While my second income may be very modest for the first few years, the good news is that this approach does not take a lot of money upfront and can be funded for just a few pounds a day. Here is an example of how I could aim to start generating dividend income by investing £5 a day.
Dividends and income generation
When a successful company makes money, it has a choice about what to do with it. It can retain the cash in the business to help fund growth. But a common alternative is to pay at least some of it out to shareholders in the form of dividends.
That means if I buy shares in such a company, I ought to receive dividends for as long as it pays them and I own the shares.
To illustrate this, consider Vodafone as an example. At the moment, its dividend yield is 8.6%. That means that if I spend £100 on its shares today, I will hopefully earn £8.60 in dividends over the coming year. Not only that, but I should earn that amount every year I hold the shares, although I only need to pay for them once.

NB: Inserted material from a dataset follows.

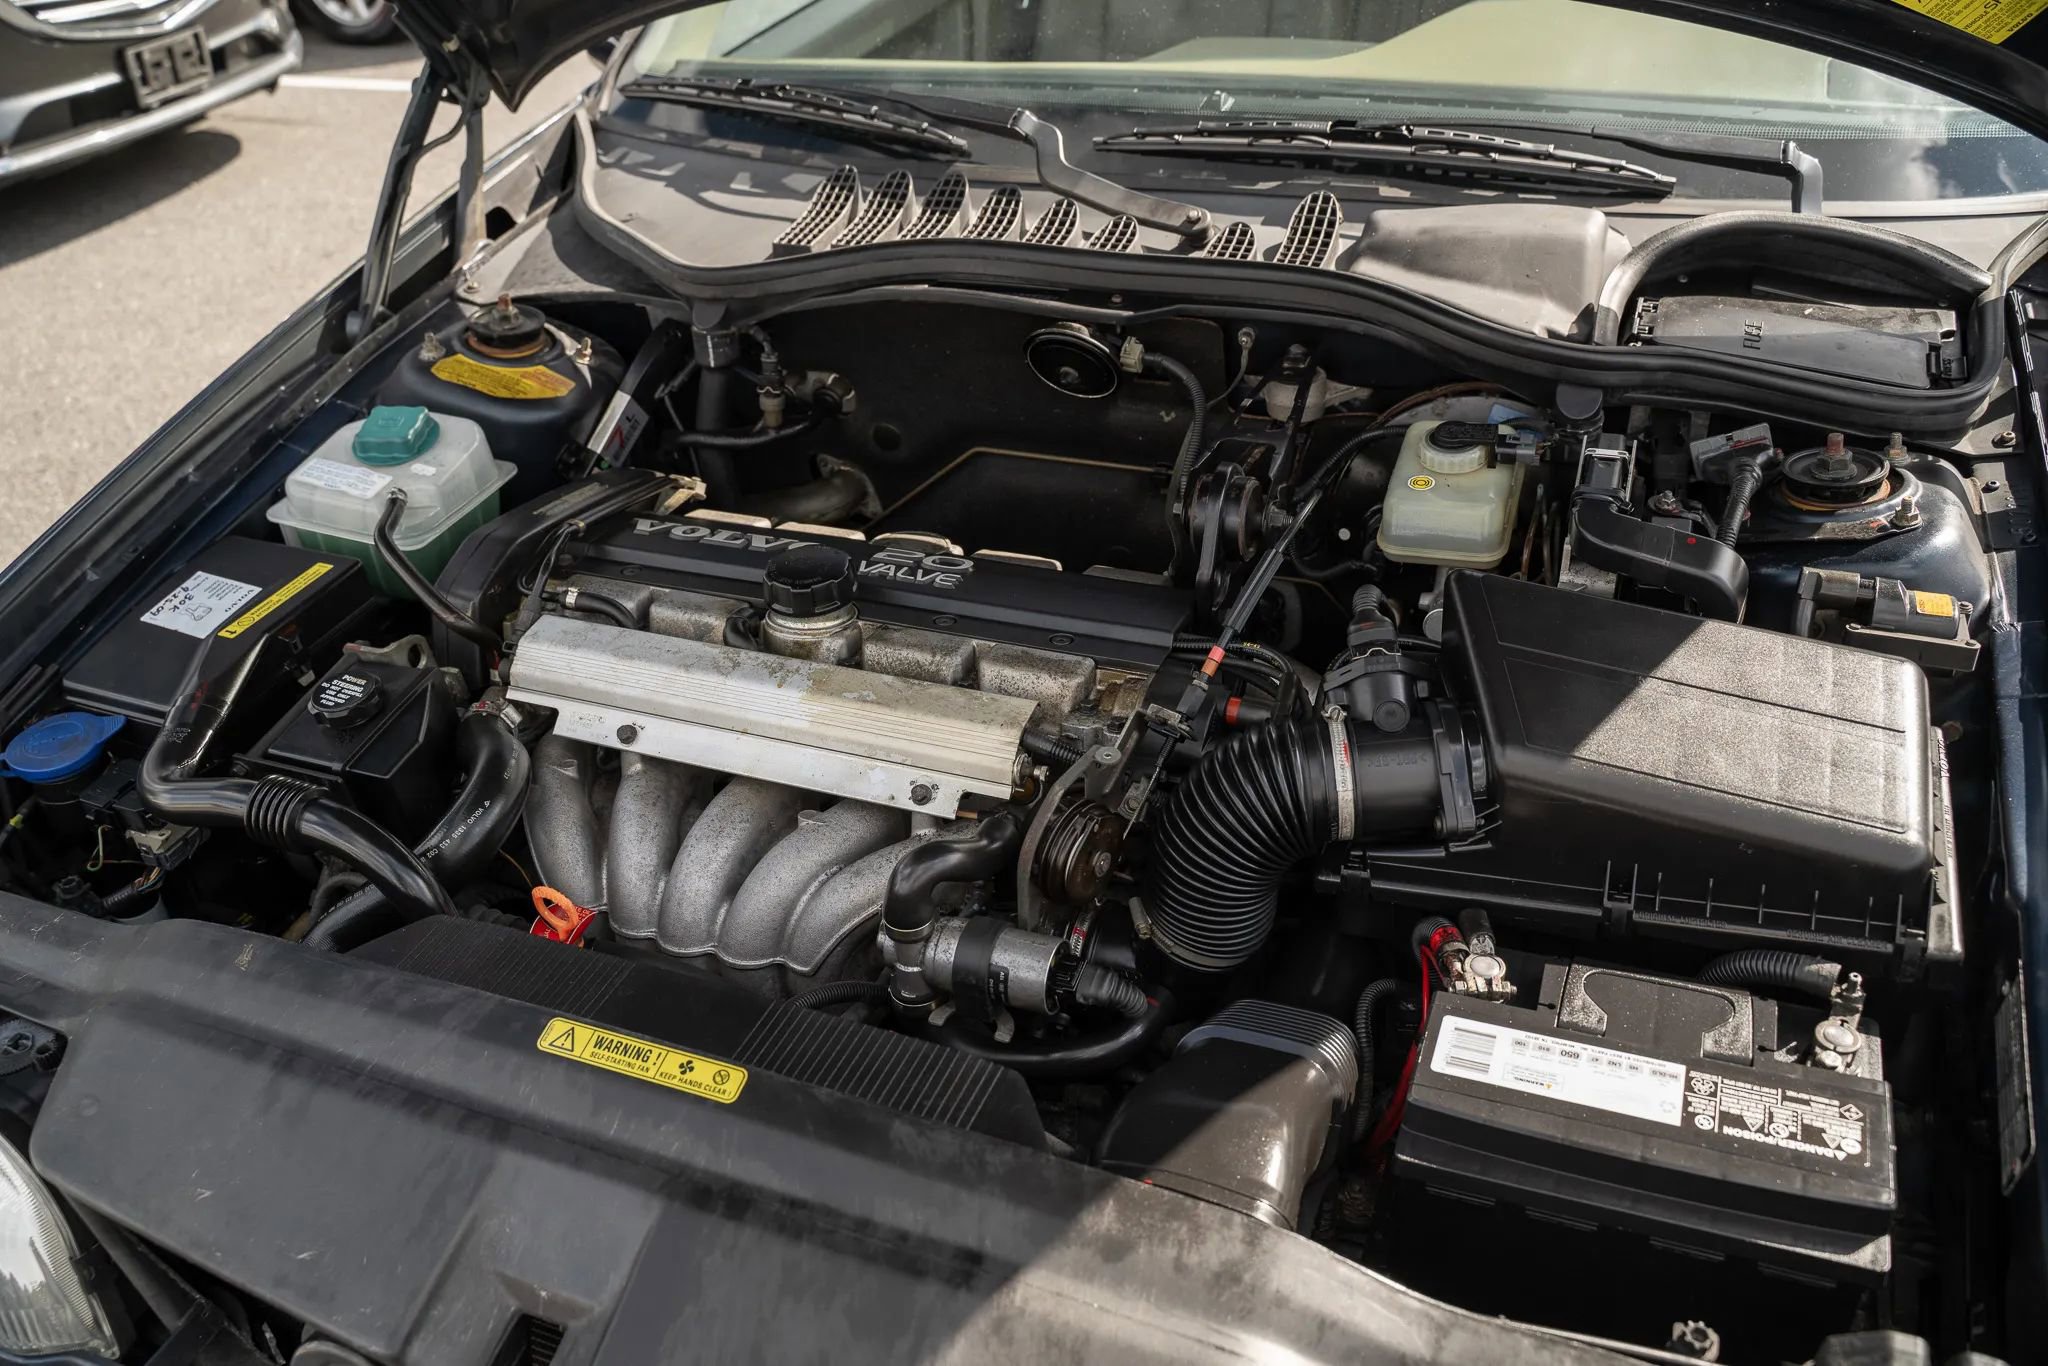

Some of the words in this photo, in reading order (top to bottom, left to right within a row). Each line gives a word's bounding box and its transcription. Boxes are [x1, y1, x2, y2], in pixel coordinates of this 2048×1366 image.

If Vodafone raises its dividend, I could earn more. But the reverse is also true. If the dividend is reduced or cancelled, my earnings from the shares will fall. Vodafone has cut its dividend before and I see a risk it will do so again, as it has a large debt pile to service.
Building a dividend portfolio
Still, an 8.6% yield is juicy – especially if it is maintained. All shares carry risks, not just Vodafone.
That helps explain why I always diversify my portfolio across a range of shares. But while that may reduce the impact on my second income of any one company cutting its dividend, it does not mean I am willing to accept risks from a given share that exceed my personal tolerance.
So instead of looking first at the yield of a share, I start by trying to find great businesses I think are selling below their fair value.
If a company has promising prospects for long-term profitability, for example due to patented technology that is set to stay in high demand, then I will consider whether its share price and yield might help it merit a place in my portfolio.
Growing a second income
Although £5 a day may sound like a small sum to invest, it can soon add up. In a year, putting aside that amount on a daily basis would give me £1,825 to invest. If I used that to buy shares in blue-chip companies with an average yield of 5%, I would set up a second income of around £90 per year.
If I kept saving and investing hopefully, over time, that ought to grow.